Behavior can be thought of as a car moving through an intersection after stopping at a traffic light. For the car to move forward, the brake must be released, and the gas pedal must be pressed. In the past, addiction research has largely focused on the gas pedal, identifying brain regions and circuits that promote reward-seeking behavior in hazardous contexts. However, this approach fails to address a major component of addiction – the inability to stop risky behavior from happening in the first place.
Researchers at MUSC recognized the importance of identifying these behavior-braking circuits and wanted to know why they were faulty in addiction.

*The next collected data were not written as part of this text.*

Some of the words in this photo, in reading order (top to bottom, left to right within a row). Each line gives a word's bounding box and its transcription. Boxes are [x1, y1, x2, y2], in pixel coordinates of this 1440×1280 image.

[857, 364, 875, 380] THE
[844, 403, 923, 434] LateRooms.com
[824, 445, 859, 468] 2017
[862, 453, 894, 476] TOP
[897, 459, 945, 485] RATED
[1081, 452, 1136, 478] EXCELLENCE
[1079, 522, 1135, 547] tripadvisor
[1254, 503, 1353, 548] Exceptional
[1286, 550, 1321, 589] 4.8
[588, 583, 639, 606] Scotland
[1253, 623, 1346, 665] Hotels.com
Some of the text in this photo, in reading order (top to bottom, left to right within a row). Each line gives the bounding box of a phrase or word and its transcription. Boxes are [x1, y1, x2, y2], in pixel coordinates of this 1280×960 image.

“We stop ourselves from behaving inappropriately or making risky decisions every day,” said James Otis, Ph.D., assistant professor in the Department of Neuroscience at MUSC and senior author of the study. “We need to understand how existing circuits that normally stop risky behaviors become tweaked so that they're less effective.”

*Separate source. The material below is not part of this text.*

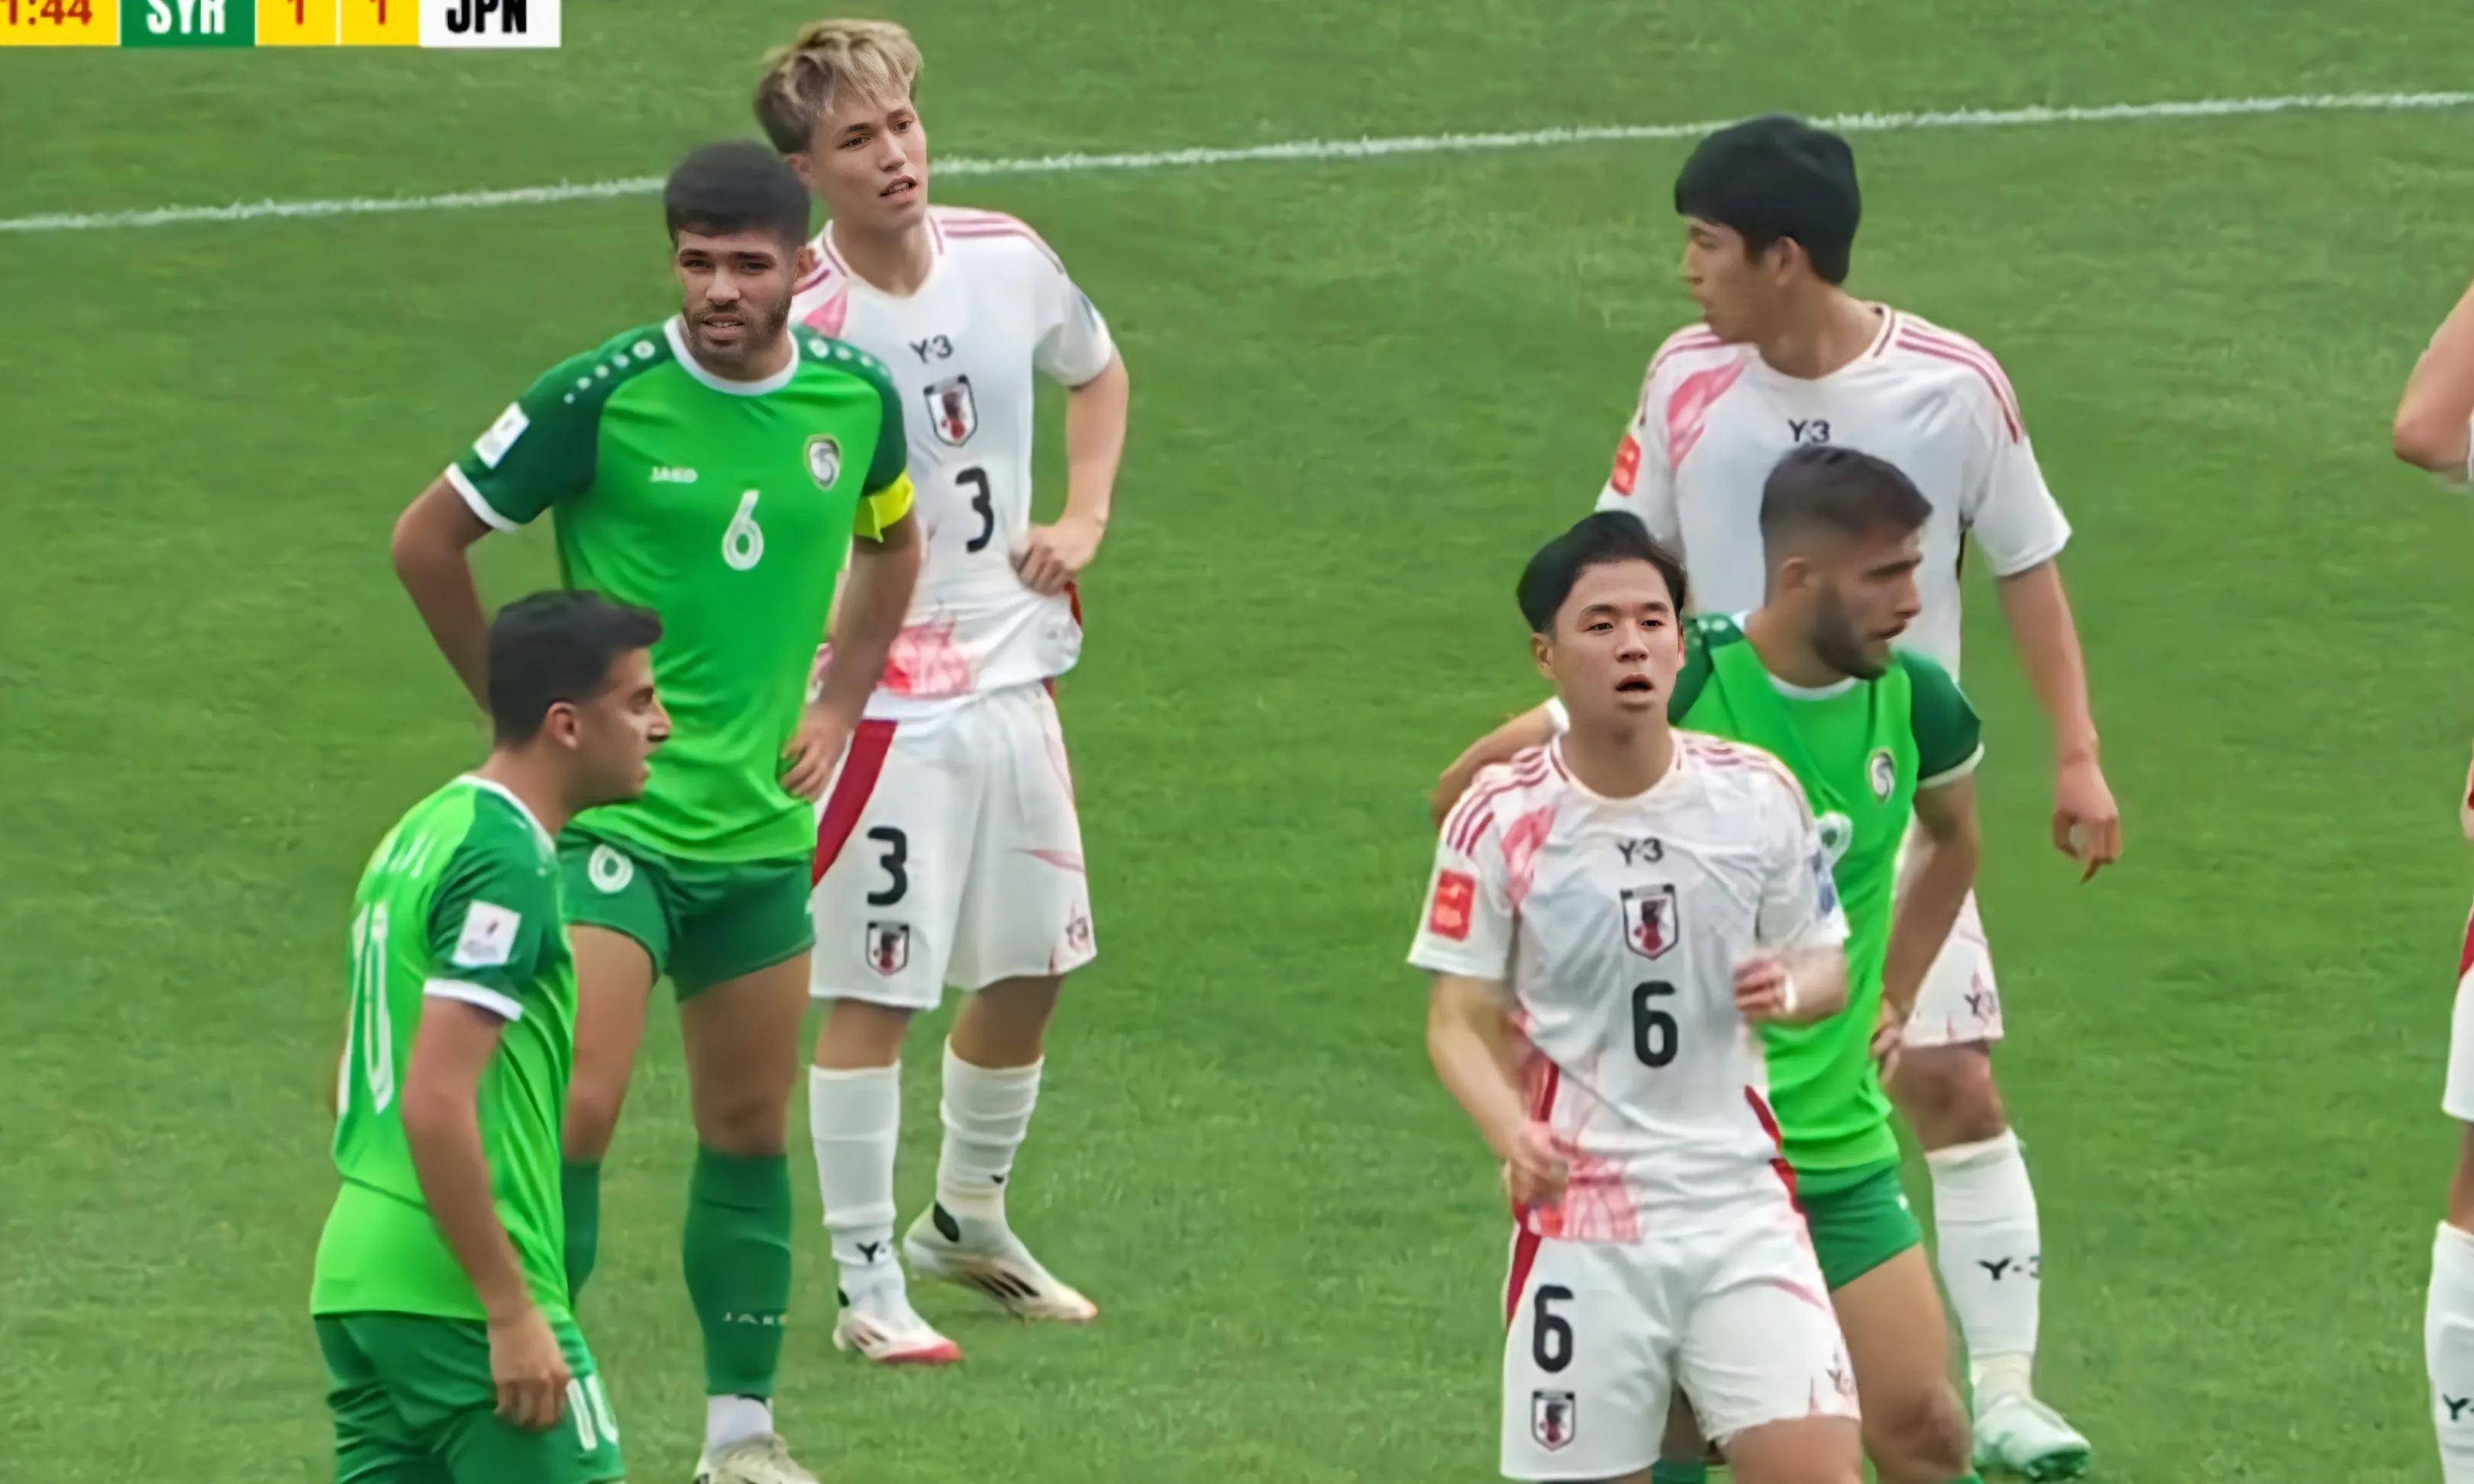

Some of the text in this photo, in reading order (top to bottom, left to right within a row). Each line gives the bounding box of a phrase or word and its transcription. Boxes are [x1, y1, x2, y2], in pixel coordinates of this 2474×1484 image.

To find a potential brake circuit, the researchers focused on a region of the brain called the thalamus, which is known to integrate environmental and internal information that guides feeding and reward seeking. They examined brain activity in a preclinical model of reward-seeking behavior using an advanced imaging method called two-photon microscopy. This cutting-edge technique allowed the team to identify individual brain cells that were inhibited during reward seeking, much like a brake that must be released to drive forward.
The researchers were then able to generate a circuit map thousands of times more precise than could have been achieved with standard imaging methods like MRI. When they artificially inhibited the circuit, they found that reward-seeking behavior continued even in simulated high-risk situations that would normally prevent the behavior from happening. The researchers had found their brake.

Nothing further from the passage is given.